Stored entries ▸
========================================================================

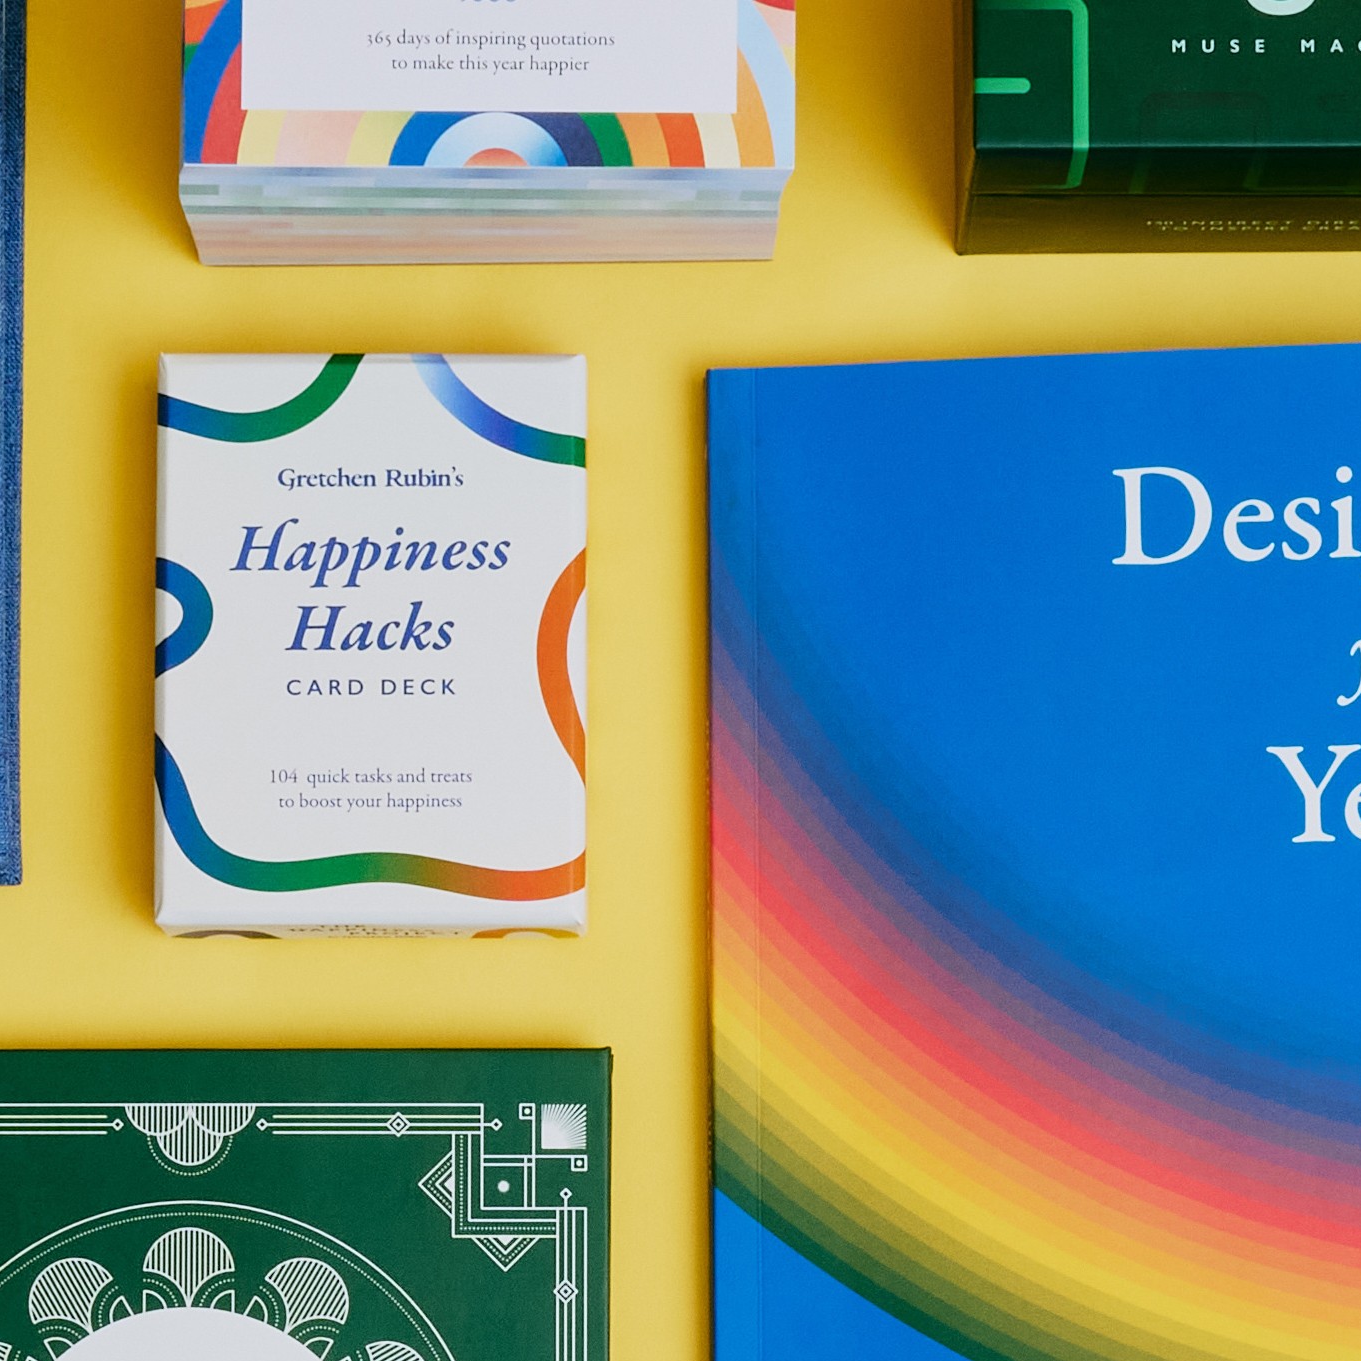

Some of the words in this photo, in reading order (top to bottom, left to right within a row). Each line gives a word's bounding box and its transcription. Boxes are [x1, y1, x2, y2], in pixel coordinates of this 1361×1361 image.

[368, 32, 391, 46] 365
[397, 29, 430, 49] days
[435, 29, 453, 44] of
[457, 31, 526, 50] inspiring
[530, 32, 614, 50] quotations
[1172, 39, 1264, 53] MUSE
[392, 58, 407, 69] to
[414, 54, 454, 69] make
[460, 55, 487, 69] this
[493, 61, 524, 75] year
[531, 55, 589, 75] happier
[278, 468, 376, 490] Gretchen
[386, 467, 463, 486] Rubin's
[229, 518, 510, 588] Happiness
[285, 601, 454, 650] Hacks
[287, 680, 363, 695] CARD
[382, 679, 455, 695] DECK
[272, 770, 297, 783] 104
[307, 768, 349, 788] quick
[355, 768, 392, 783] tasks
[398, 768, 425, 782] and
[431, 771, 472, 783] treats
[279, 796, 294, 808] to
[300, 793, 341, 807] boost
[347, 799, 382, 812] your
[387, 793, 462, 812] happiness

========================================================================

Would you repeat the entries exactly, but with no pictures?

ANSWER SPACE ▸
Some of the words in this photo, in reading order (top to bottom, left to right within a row). Each line gives a word's bounding box and its transcription. Boxes are [x1, y1, x2, y2], in pixel coordinates of this 1361×1361 image.

[368, 32, 391, 46] 365
[397, 29, 430, 49] days
[435, 29, 453, 44] of
[457, 31, 526, 50] inspiring
[530, 32, 614, 50] quotations
[1172, 39, 1264, 53] MUSE
[392, 58, 407, 69] to
[414, 54, 454, 69] make
[460, 55, 487, 69] this
[493, 61, 524, 75] year
[531, 55, 589, 75] happier
[278, 468, 376, 490] Gretchen
[386, 467, 463, 486] Rubin's
[229, 518, 510, 588] Happiness
[285, 601, 454, 650] Hacks
[287, 680, 363, 695] CARD
[382, 679, 455, 695] DECK
[272, 770, 297, 783] 104
[307, 768, 349, 788] quick
[355, 768, 392, 783] tasks
[398, 768, 425, 782] and
[431, 771, 472, 783] treats
[279, 796, 294, 808] to
[300, 793, 341, 807] boost
[347, 799, 382, 812] your
[387, 793, 462, 812] happiness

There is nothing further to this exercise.